Le domicile au sens du droit de la nationalité s’entend d’une résidence effective présentant un caractère stable et permanent et coïncidant avec le centre des attaches familiales et des occupations ; il ne se réduit pas au lieu de travail.

Il appartient ainsi à M. [E] [B], qui n'est pas titulaire d'un certificat de nationalité française, de démontrer, d'une part, la nationalité française du parent duquel il la tiendrait et, d’autre part, un lien de filiation légalement établi a l’égard de celui-ci, au moyen d’actes d’état civil probants au sens de l’article 47 du code civil, étant précisé qu’afin de satisfaire aux exigences de l’article 20-1 du code civil, cet établissement doit être intervenu pendant sa minorité pour avoir des effets sur la nationalité.
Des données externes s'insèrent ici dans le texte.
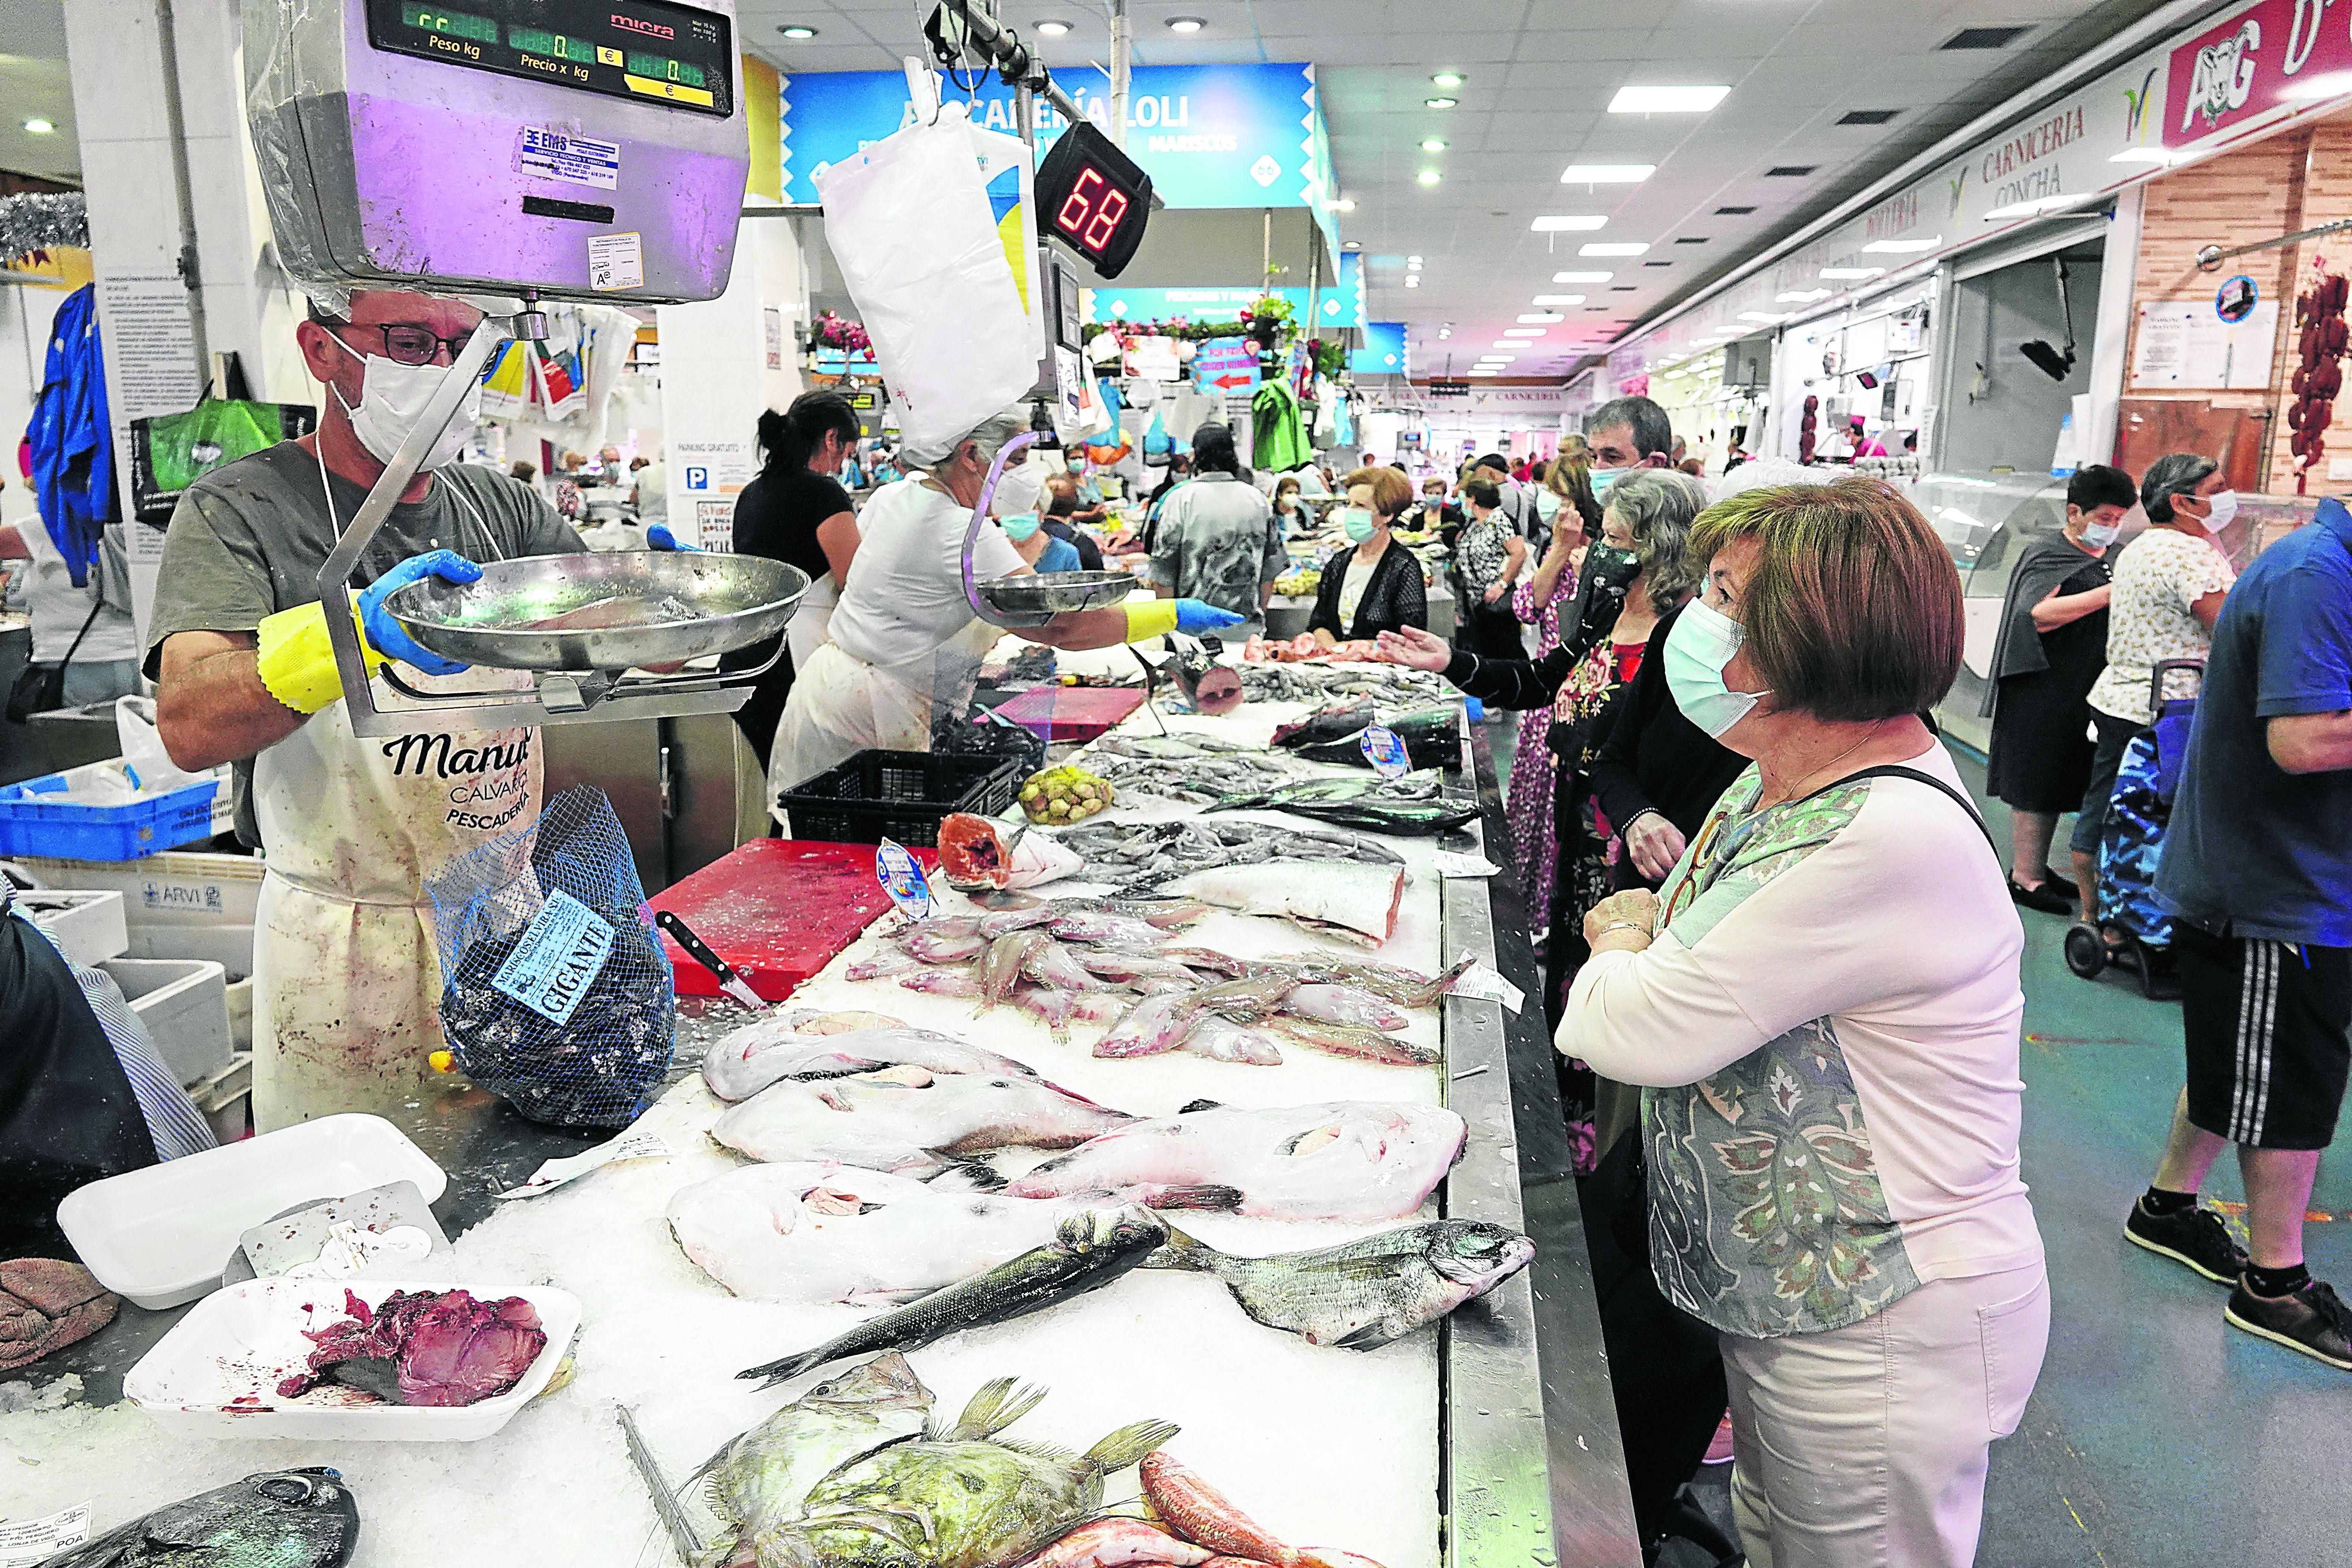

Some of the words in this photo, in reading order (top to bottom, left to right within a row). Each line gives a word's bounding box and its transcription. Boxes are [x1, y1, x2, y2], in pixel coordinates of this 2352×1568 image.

[610, 14, 674, 37] micra
[429, 35, 460, 52] Peso
[464, 42, 481, 59] kg
[521, 54, 557, 71] Precio
[560, 66, 567, 74] x
[574, 65, 589, 81] kg
[535, 148, 558, 157] SERVICIO
[542, 132, 567, 151] EMS
[1148, 134, 1238, 153] MARISCOS
[1982, 105, 2085, 184] CARNICERIA
[1994, 162, 2062, 209] CONCHA
[1059, 168, 1128, 250] 68
[163, 885, 200, 903] ARVI
[497, 940, 532, 985] MARISCOS
[527, 911, 553, 942] ELVIRA
[541, 922, 608, 1013] GIGANTE
[25, 1528, 60, 1539] PESQUERO
[56, 1534, 83, 1549] POA
Aux termes de l’article 47 du code civil, tout acte de l'état civil des Français et des étrangers fait en pays étranger et rédigé dans les formes usitées dans ce pays fait foi, sauf si d'autres actes ou pièces détenus, des données extérieures ou des éléments tirés de l'acte lui-même établissent, le cas échéant après toutes vérifications utiles, que cet acte est irrégulier, falsifié ou que les faits qui y sont déclarés ne correspondent pas à la réalité. Celle-ci est appréciée au regard de la loi française.

Il est rappelé que les actes établis par une autorité étrangère et destinés à être produits en France doivent, au préalable, selon la coutume internationale et sauf convention contraire, être légalisés pour y produire effet.

En l'absence de convention entre la France et la Guinée emportant dispense de la formalité de la légalisation prévue par les dispositions internationales, tout acte ne peut faire foi au sens de ce texte que s'il est légalisé par le consul français en Guinée ou à défaut par le consulat de Guinée en France.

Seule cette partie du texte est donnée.